Peu de temps après la parution d’« Une critique qui se fait », l’appellation « littérature québécoise » est adoptée par la rédaction d’Études françaises. En 1967, la parution d’un premier dossier thématique intitulé « La poésie québécoise », dirigé par Réginald Hamel, confirme ce qui circulait depuis quelques années dans le milieu culturel québécois : la littérature canadienne-française n’est plus de saison.

Des traditions à inventer : le rôle de Georges-André Vachon

Le dossier intitulé « La poésie québécoise » porte en réalité sur la figure et l’oeuvre d’Émile Nelligan.

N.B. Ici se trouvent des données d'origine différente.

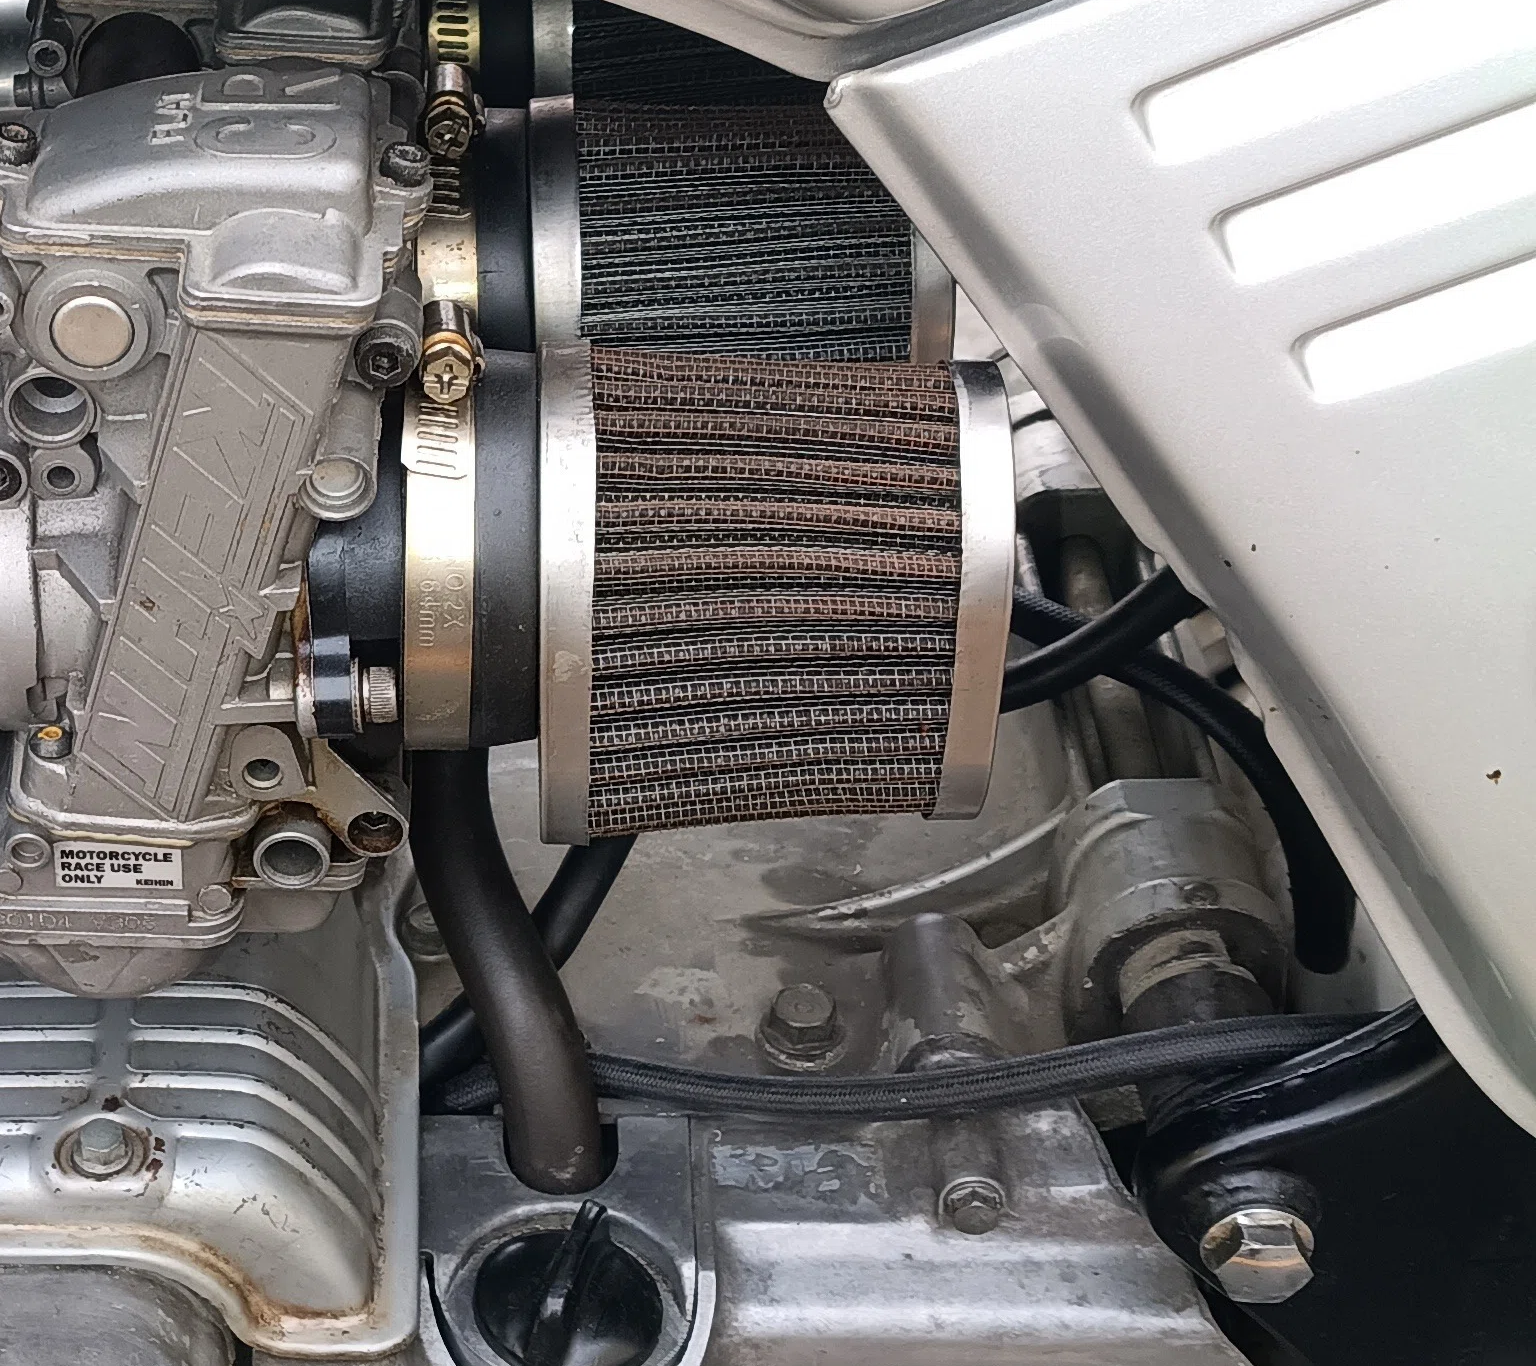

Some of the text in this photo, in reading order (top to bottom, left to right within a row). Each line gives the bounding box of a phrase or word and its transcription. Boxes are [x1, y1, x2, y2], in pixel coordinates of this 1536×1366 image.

[59, 849, 173, 863] MOTORCYCLE
[60, 861, 144, 874] RACE USE
[61, 873, 174, 887] ONLY KEIHIN
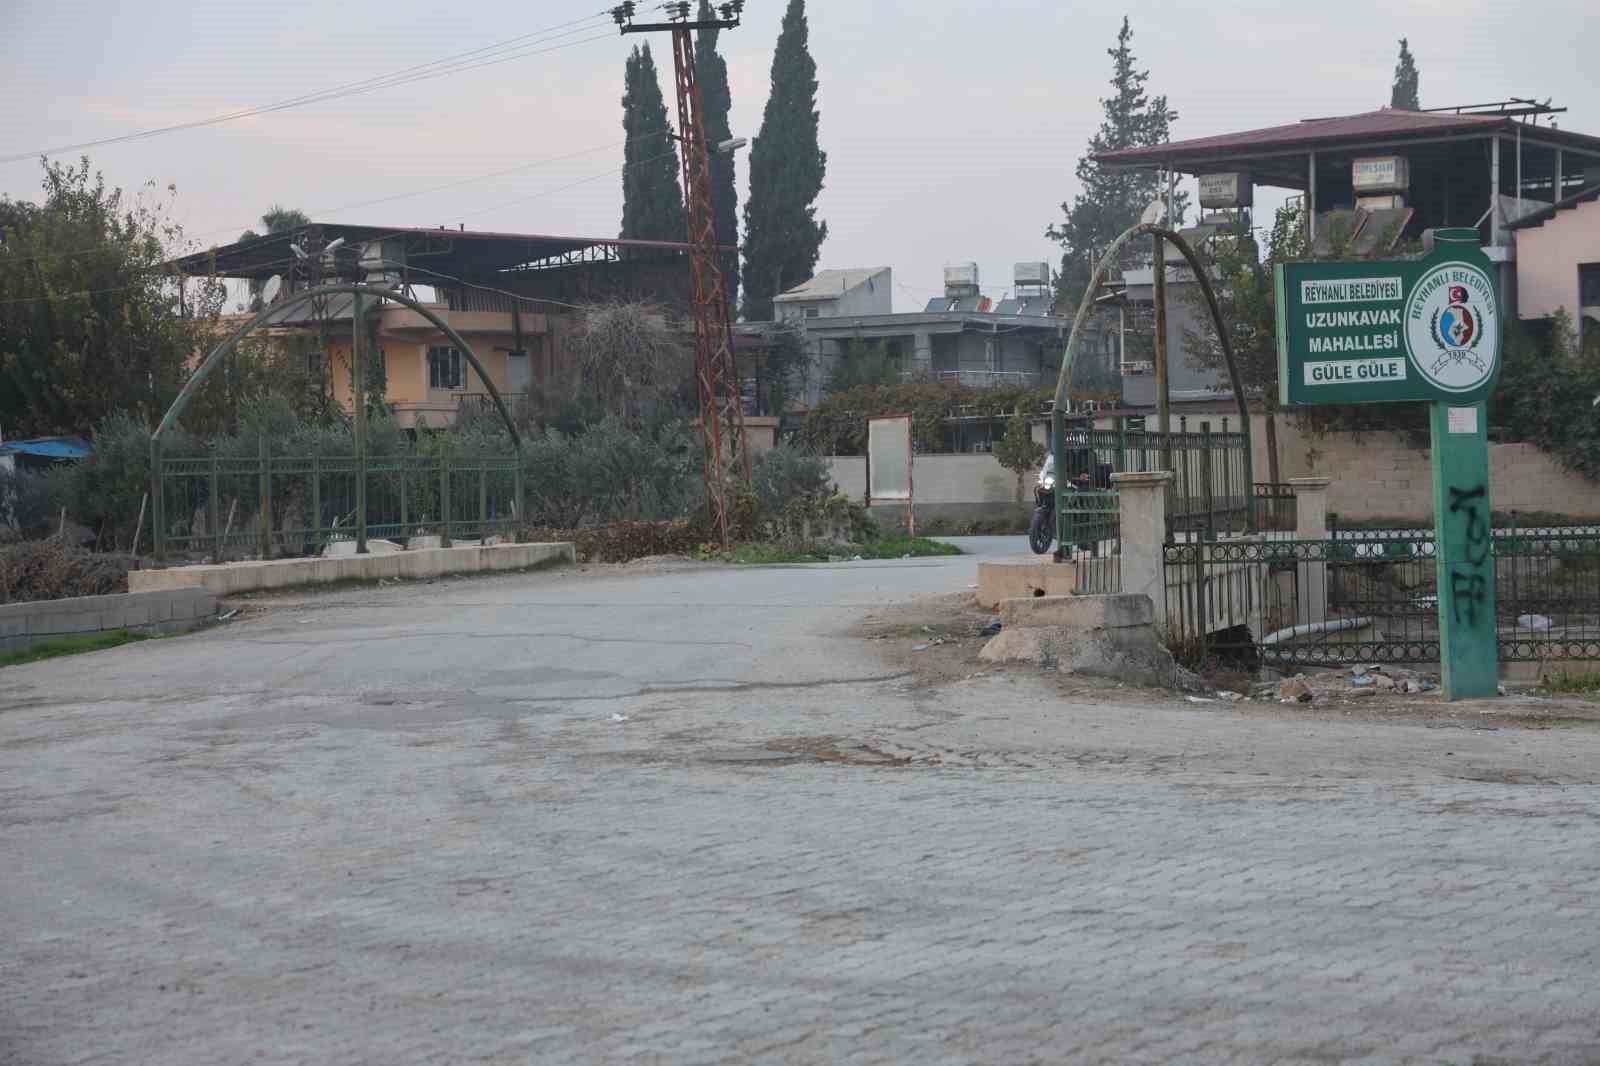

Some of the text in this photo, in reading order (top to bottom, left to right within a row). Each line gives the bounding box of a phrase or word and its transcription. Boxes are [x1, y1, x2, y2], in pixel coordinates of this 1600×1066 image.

[1305, 280, 1399, 301] REYHANLI BELEDİYESİ
[1306, 309, 1401, 328] UZUNKAVAK
[1309, 330, 1399, 352] MAHALLESİ
[1312, 360, 1398, 380] GÜLE GÜLE

Il est composé d’une chronologie, d’une bibliographie, d’un article sur le Canada français de la fin du xixe siècle (Jean-Charles Bonenfant), de poèmes de Nelligan et de Fernand Ouellette, de témoignages d’écrivains et d’un article abondamment commenté de Georges-André Vachon, « L’ère du silence et l’âge de la parole ». Dans l’histoire d’Études françaises, écrit Laurent Mailhot, « la première rupture structurelle — annonciatrice — est celle du numéro spécial sur Nelligan, en août 1967. Désormais, chaque été, un numéro thématique (“Chateaubriand et ses précurseurs français d’Amérique”, etc.) viendra rompre l’uniformité des trois autres saisons, car la revue paraît alors quatre fois par année[23]. » En plus de l’adoption de la dénomination « littérature québécoise » qui signe la fin d’une époque, le titre de l’article de Georges-André Vachon annonce le passage à un nouvel âge, celui de la parole enfin acquise. L’opposition entre le silence et la parole renvoie bien sûr à une certaine conception de l’histoire québécoise largement cultivée par la critique littéraire des années 1960. Si les bornes temporelles varient dans le discours des critiques — l’ère du silence ne se termine pas toujours au même moment —, les interprétations des deux périodes sont le plus souvent consensuelles. Au silence s’attachent l’agonie du Canada français, l’impuissance et l’aliénation des écrivains, représentés dans l’article de Georges-André Vachon par Crémazie et Nelligan. L’âge de la parole, quant à lui, renvoie à un mouvement de libération et de conquête du sujet, de l’histoire collective et du territoire, voire du pays. Selon Vachon, la rupture a lieu en 1941, à la mort de Nelligan :

Disons, avec Roland Giguère, que nous sommes entrés dans « l’âge de la parole ».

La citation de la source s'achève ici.